Effect of Ras Inhibition in Hematopoiesis and BCR/ABL Leukemogenesis
1 Rosenstiel Basic Medical Sciences Research Center, Department of Biology, Brandeis University, Waltham, MA 02454, USA
2 Current address : College of General Studies, Boston University, 871 Commonwealth Avenue, Boston, MA 02215, USA
Journal of Hematology & Oncology 2008, 1:5 doi:10.1186/1756-8722-1-5Published: 5 June 2008
Ras small GTPases are activated in many hematopoietic growth factor signaling and in hematological malignancies, but their role in hematopoiesis and leukemogenesis is not completely known. Here we examined the effect of Ras inhibition by a dominant negative mutant of Ras, N17 H-Ras, in adult hematopoiesis and in BCR/ABL leukemogenesis using the mouse bone marrow transduction and transplantation approach. We found that N17 H-Ras expression suppressed B- and T-lymphopoiesis and erythropoiesis. Interestingly, N17 H-Ras did not suppress myelopoiesis in the bone marrow, yet it greatly attenuated BCR/ABL-induced chronic myelogenous leukemia (CML)-like myeloproliferative disease.

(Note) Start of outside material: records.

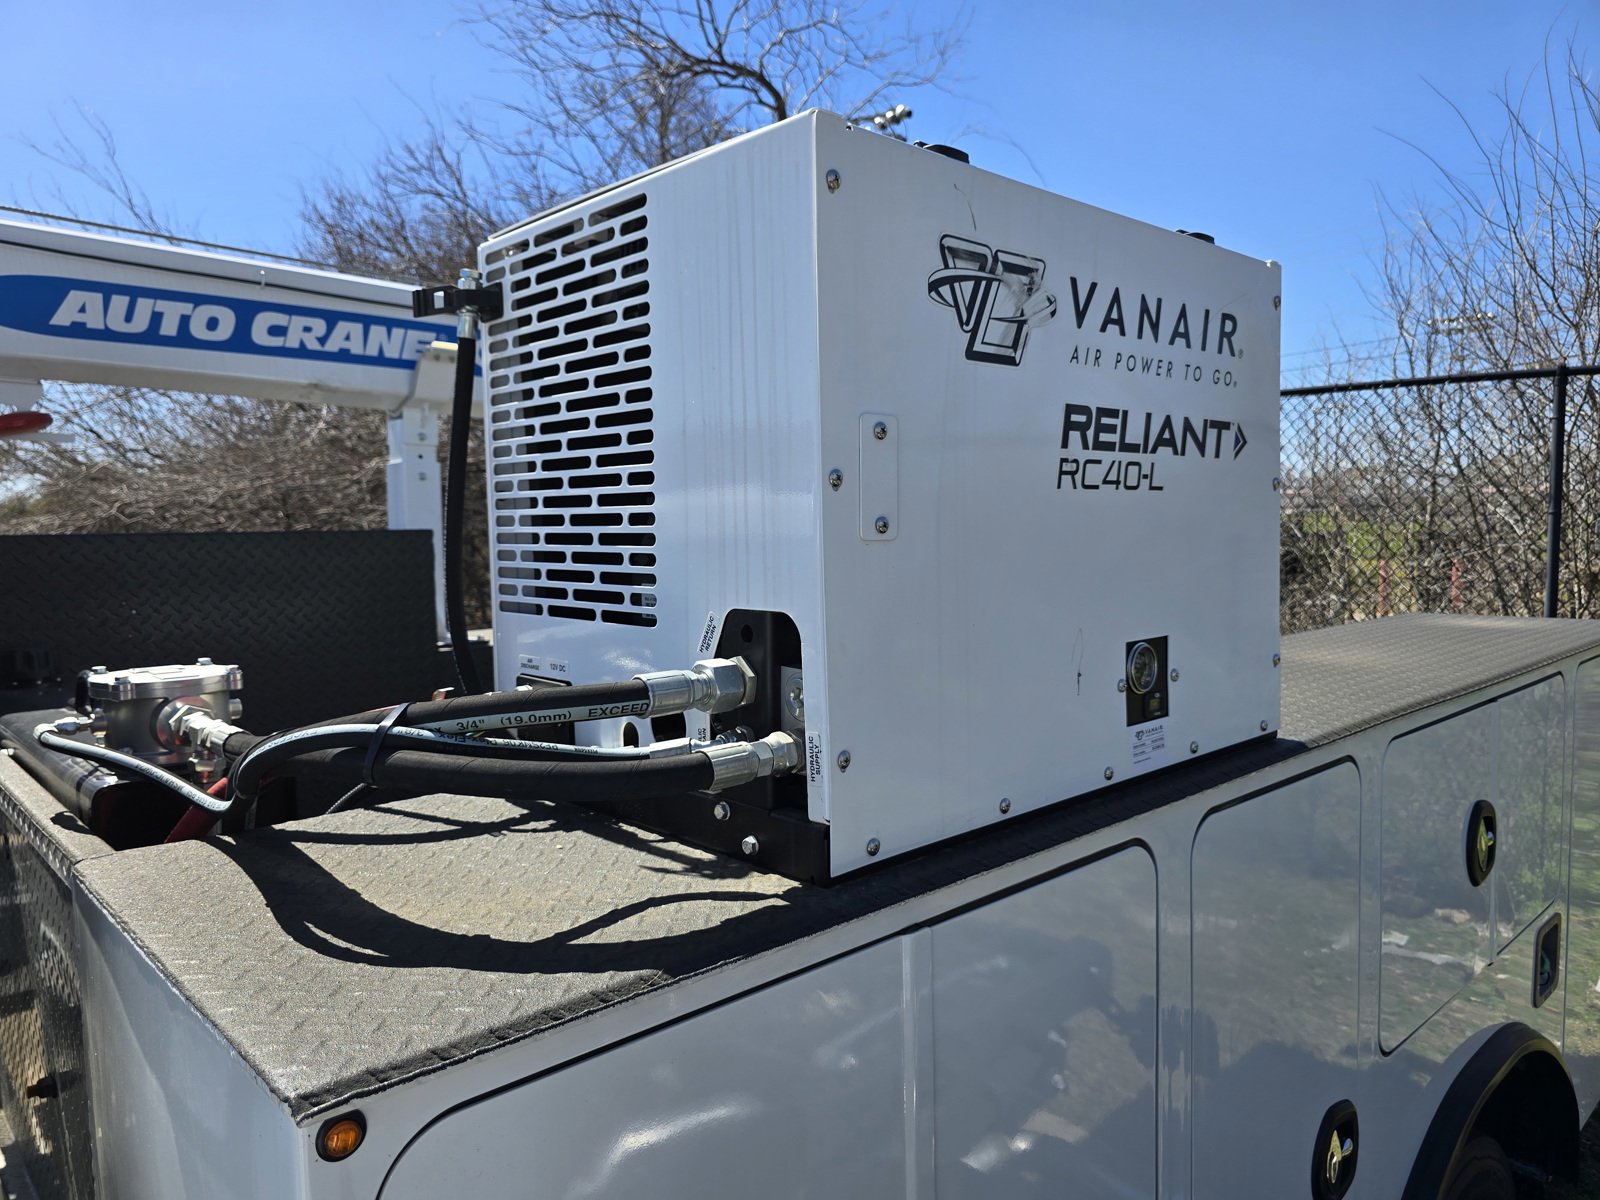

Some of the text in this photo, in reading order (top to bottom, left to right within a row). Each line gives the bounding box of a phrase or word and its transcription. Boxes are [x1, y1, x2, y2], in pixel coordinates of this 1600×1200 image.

[48, 289, 437, 362] AUTO CRANE
[1069, 275, 1237, 358] VANAIR
[1069, 344, 1102, 368] AIR
[1114, 352, 1174, 379] POWER
[1184, 363, 1203, 383] TO
[1060, 402, 1232, 460] RELIANT
[1056, 457, 1165, 492] RC40-L
[456, 719, 485, 732] 3/4"
[500, 710, 572, 726] (19.0mm)
[808, 736, 816, 783] HYDRAULIC
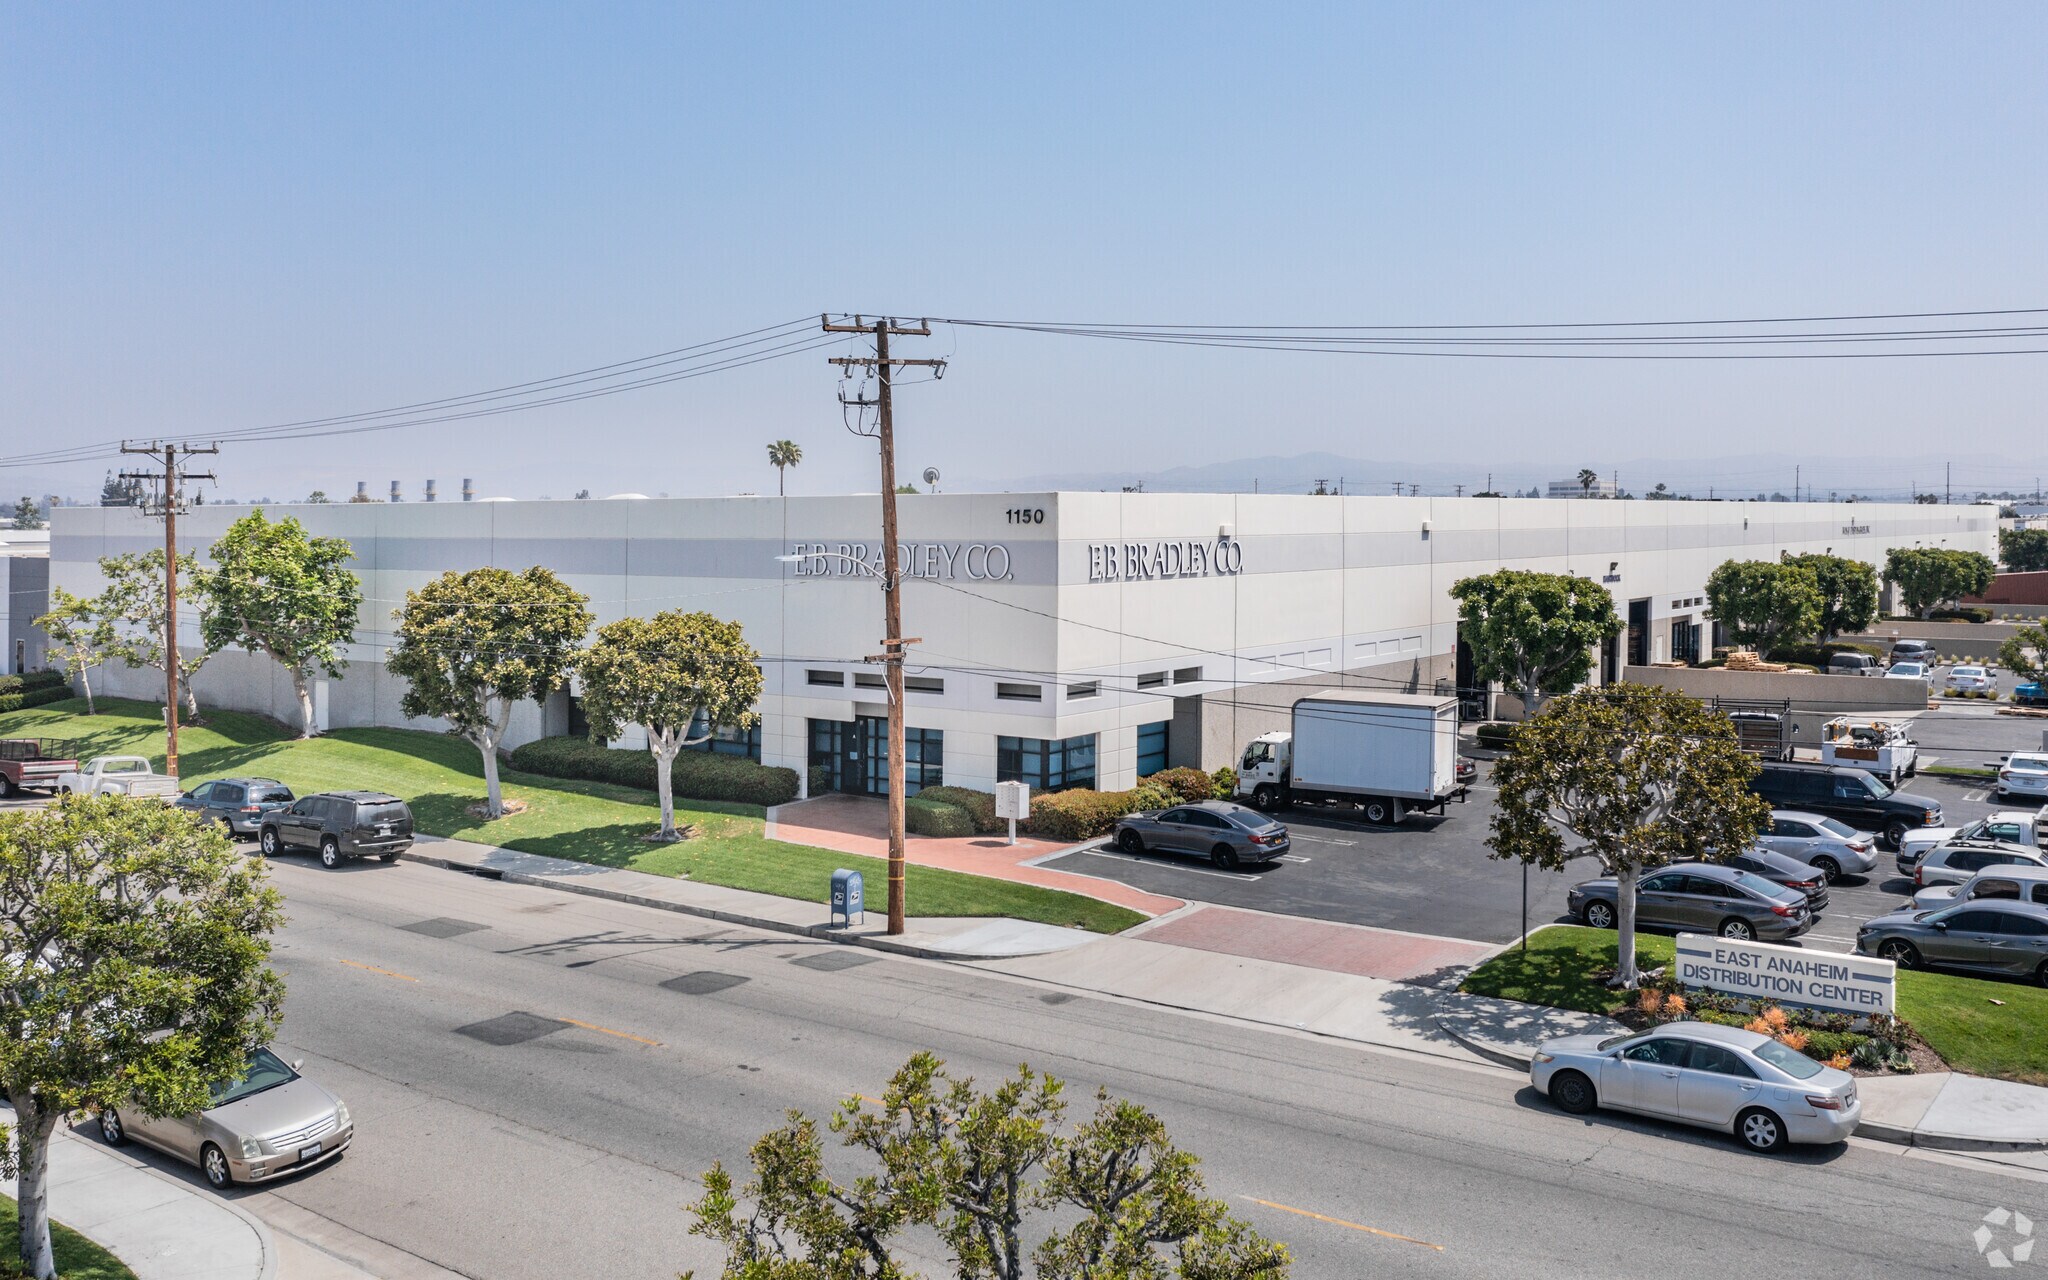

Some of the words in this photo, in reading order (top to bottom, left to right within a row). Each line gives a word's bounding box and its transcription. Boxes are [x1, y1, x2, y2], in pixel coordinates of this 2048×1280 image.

Most BCR/ABL + N17 H-Ras mice eventually developed pro-B lymphoblastic leukemia/lymphoma (B-ALL). These results suggest that Ras activation is essential for the development of lymphoid and erythroid cells but not myeloid cells and that Ras is a critical target of BCR/ABL in the pathogenesis of CML, but not B-ALL.